* **RECORDS PROVIDED**

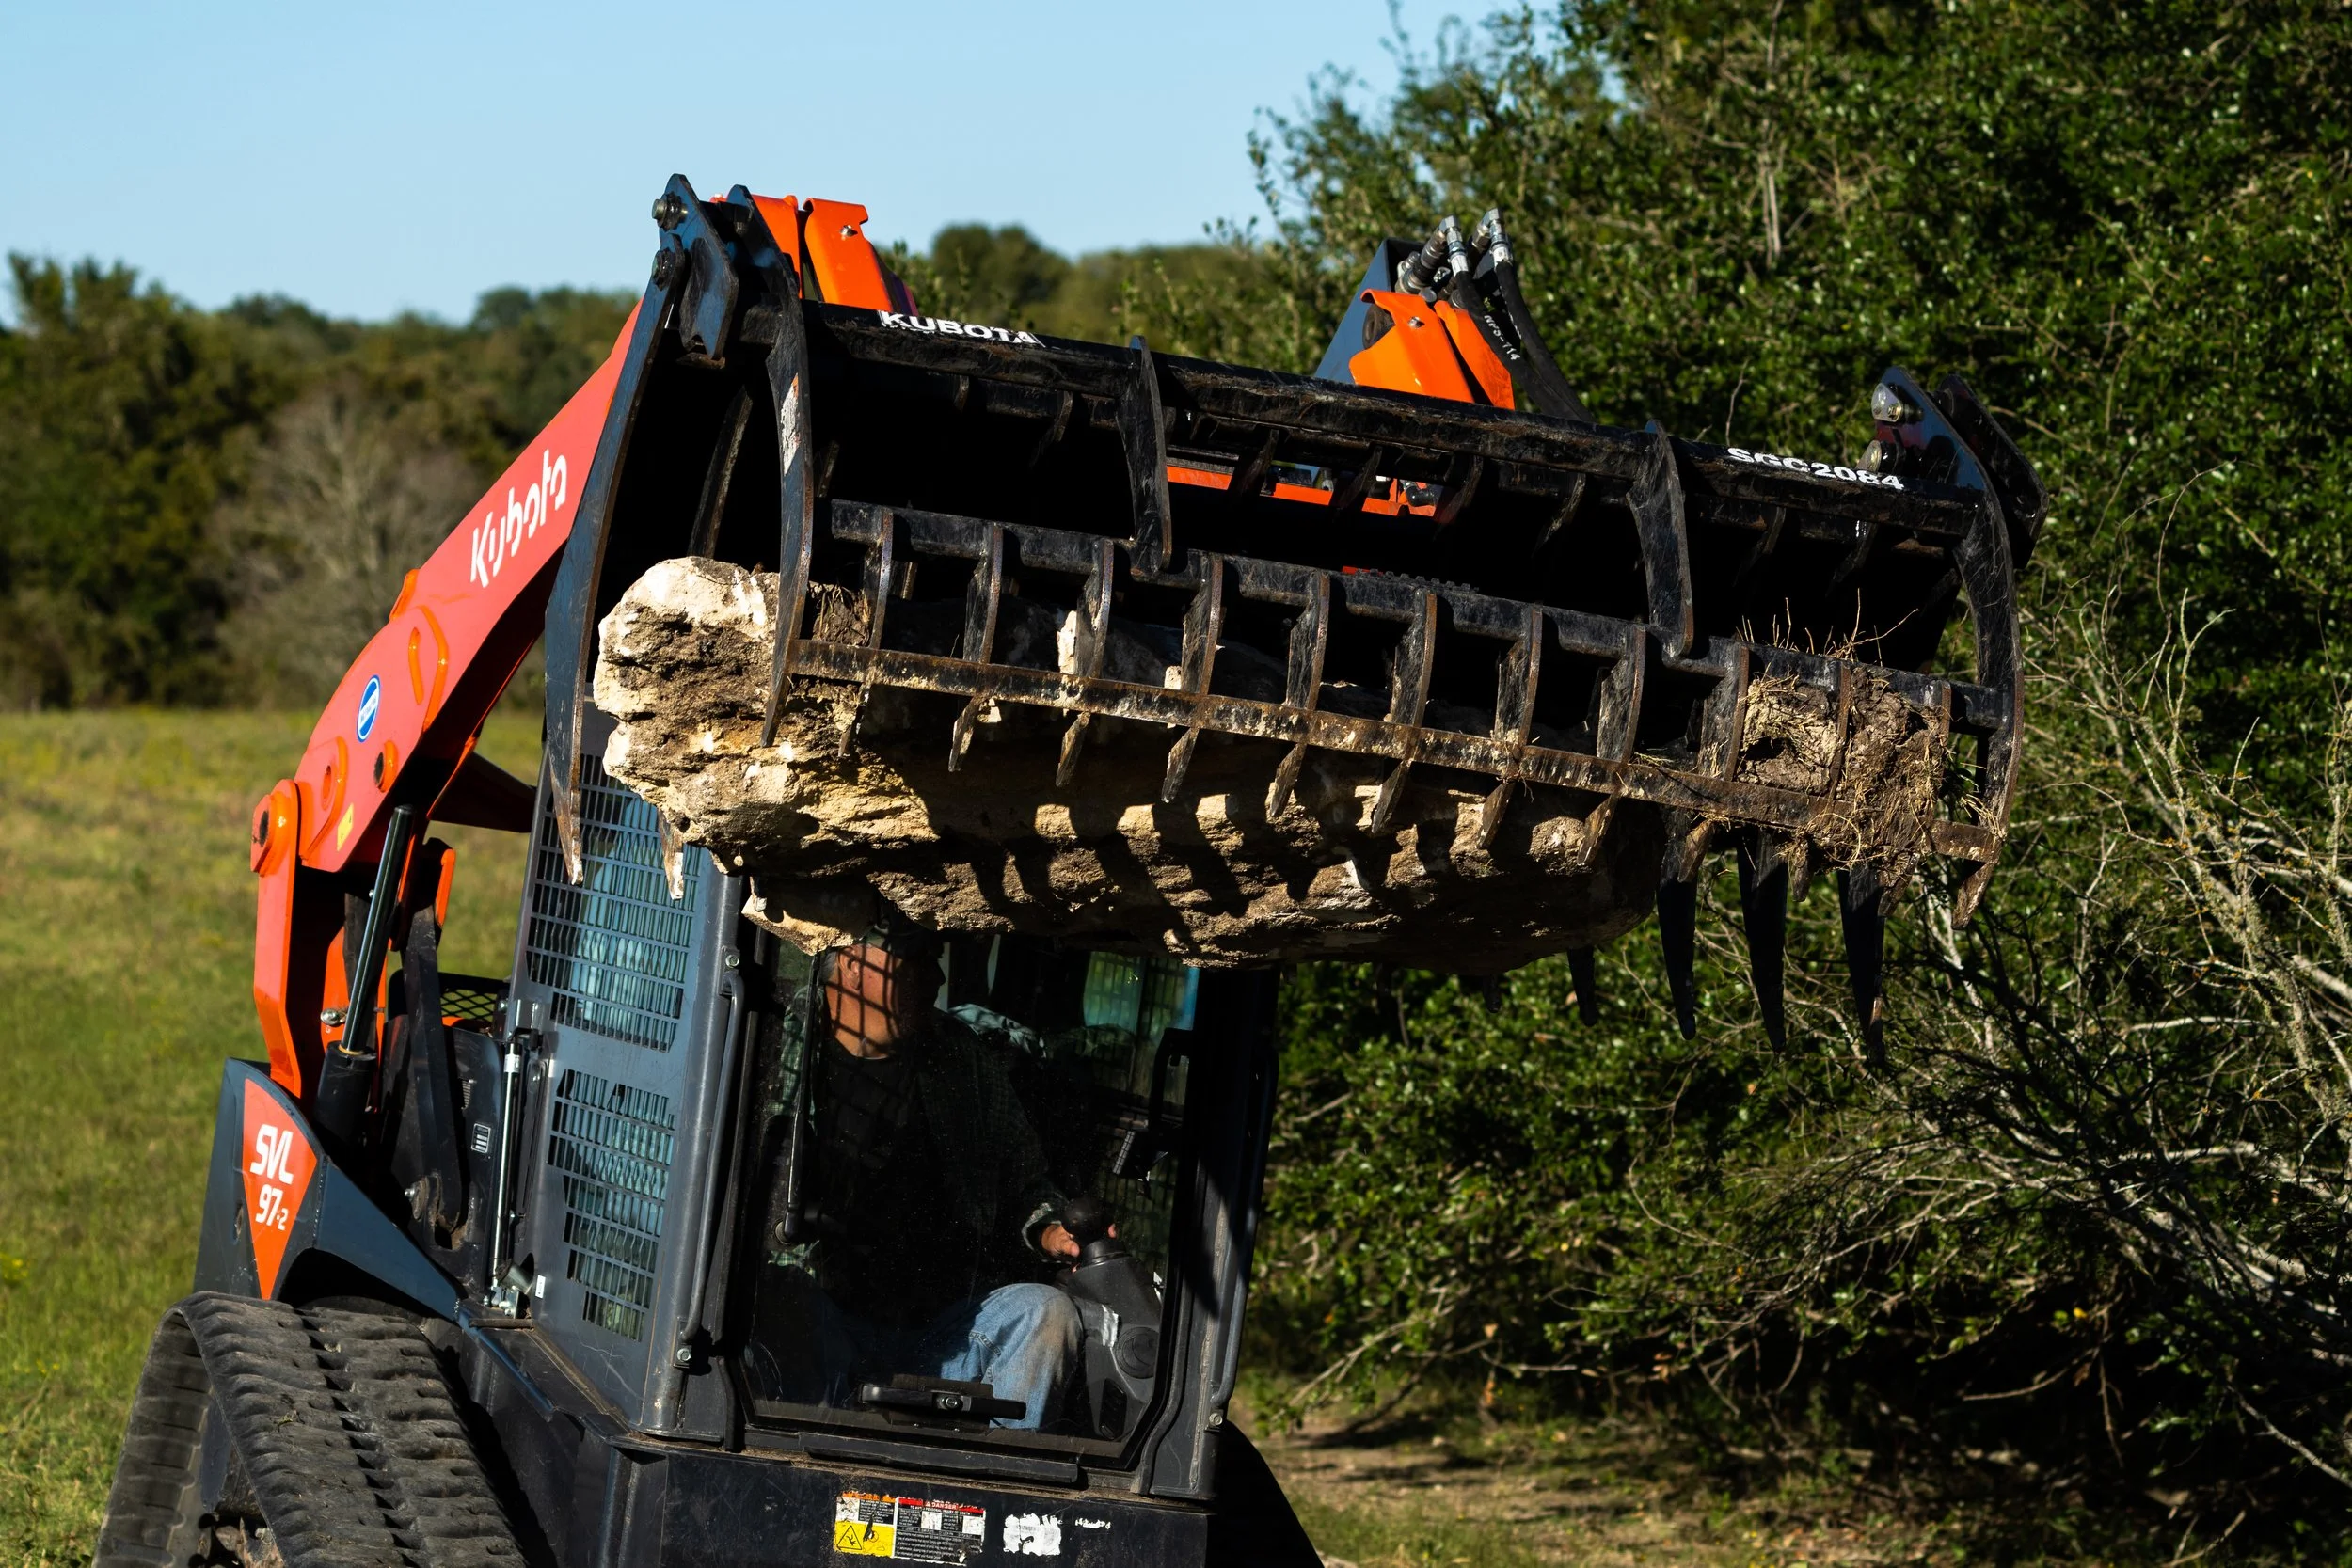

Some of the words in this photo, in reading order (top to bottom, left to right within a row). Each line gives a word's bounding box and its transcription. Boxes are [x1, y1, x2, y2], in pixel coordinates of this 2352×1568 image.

[877, 309, 1038, 344] KUBOTA
[1727, 447, 1904, 490] SGC2084
[470, 449, 567, 588] Kubota
[250, 1124, 294, 1185] SVL
[255, 1184, 289, 1230] 97-2
[931, 1502, 958, 1511] DANGER
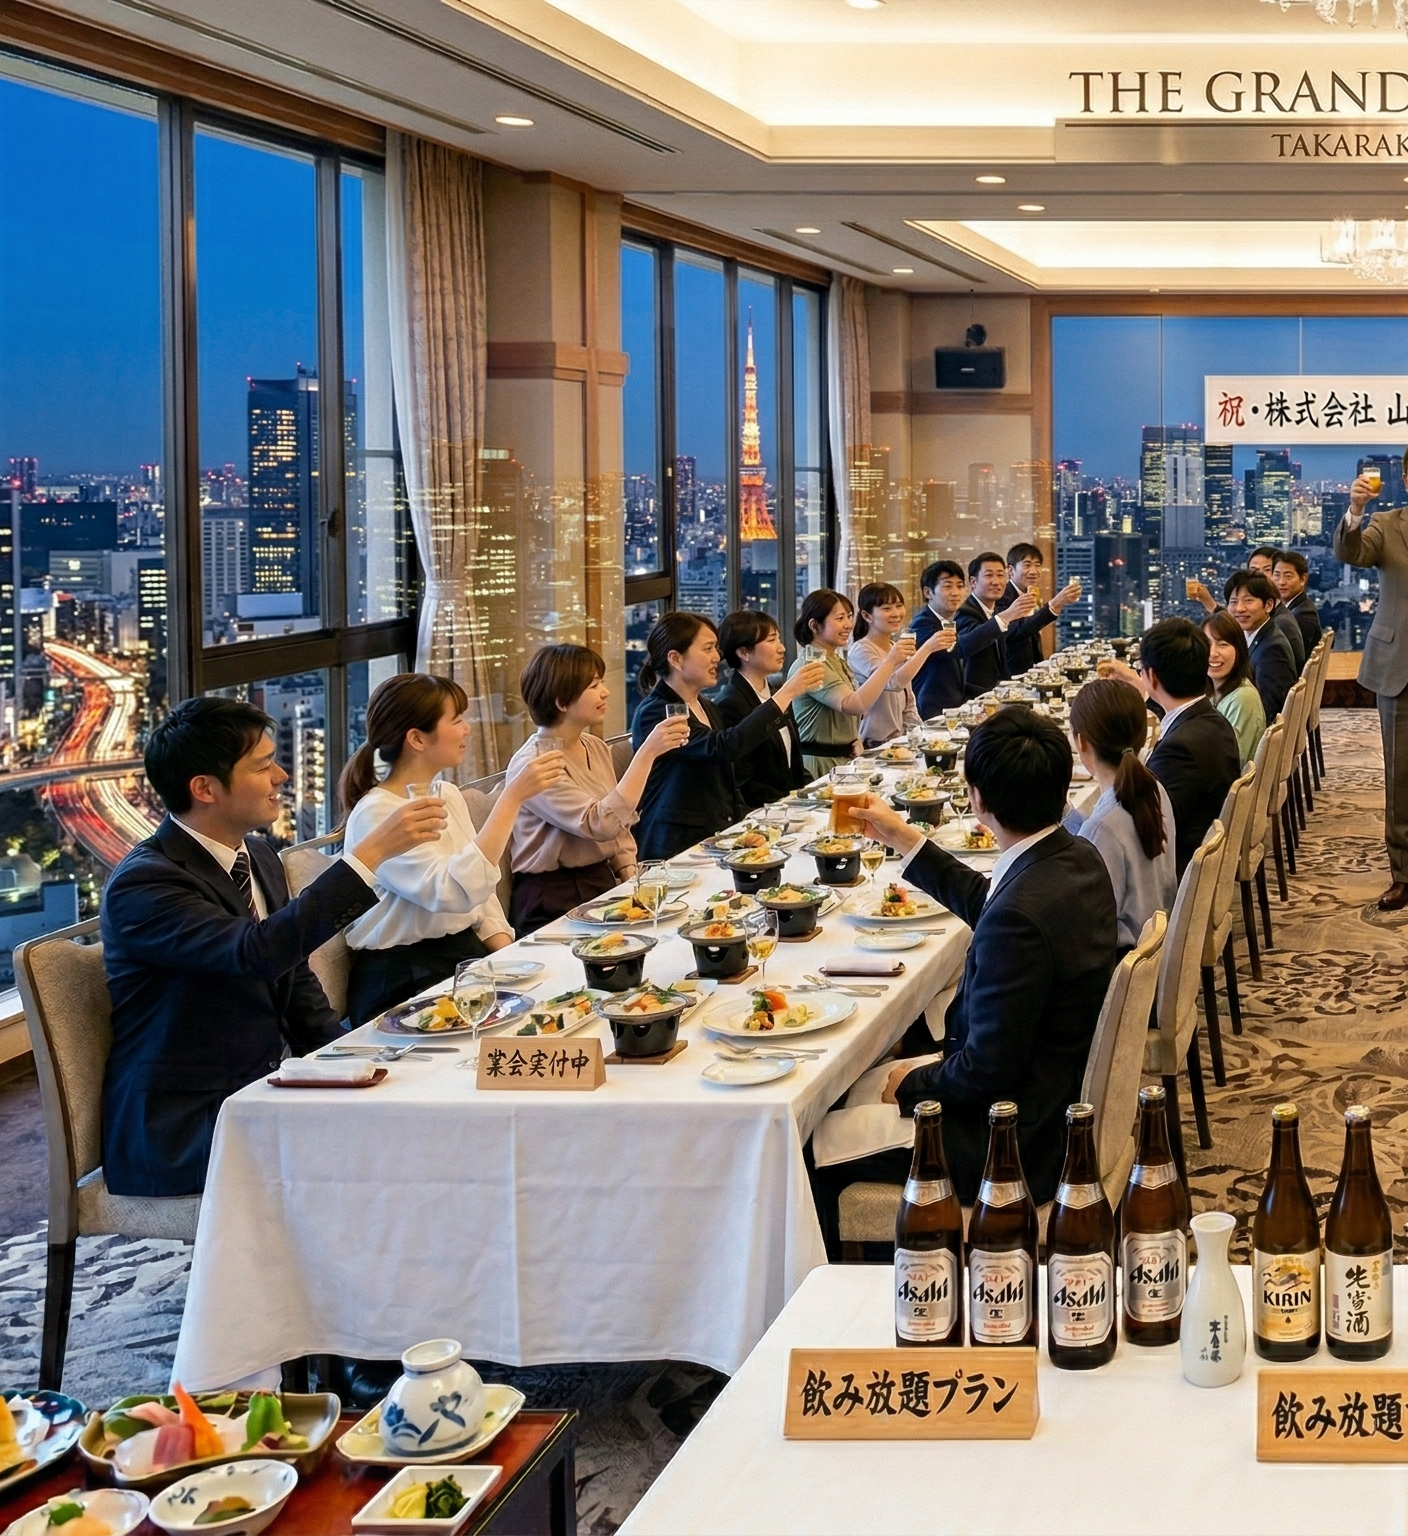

* **EXERCISE DIRECTIONS**
Send back the data above word for word, with the pictures left out.

* **ANSWER FOR THE TASK**
Some of the words in this photo, in reading order (top to bottom, left to right within a row). Each line gives a word's bounding box and its transcription. Boxes are [x1, y1, x2, y2], in pixel coordinates of this 2352×1568 image.

[877, 309, 1038, 344] KUBOTA
[1727, 447, 1904, 490] SGC2084
[470, 449, 567, 588] Kubota
[250, 1124, 294, 1185] SVL
[255, 1184, 289, 1230] 97-2
[931, 1502, 958, 1511] DANGER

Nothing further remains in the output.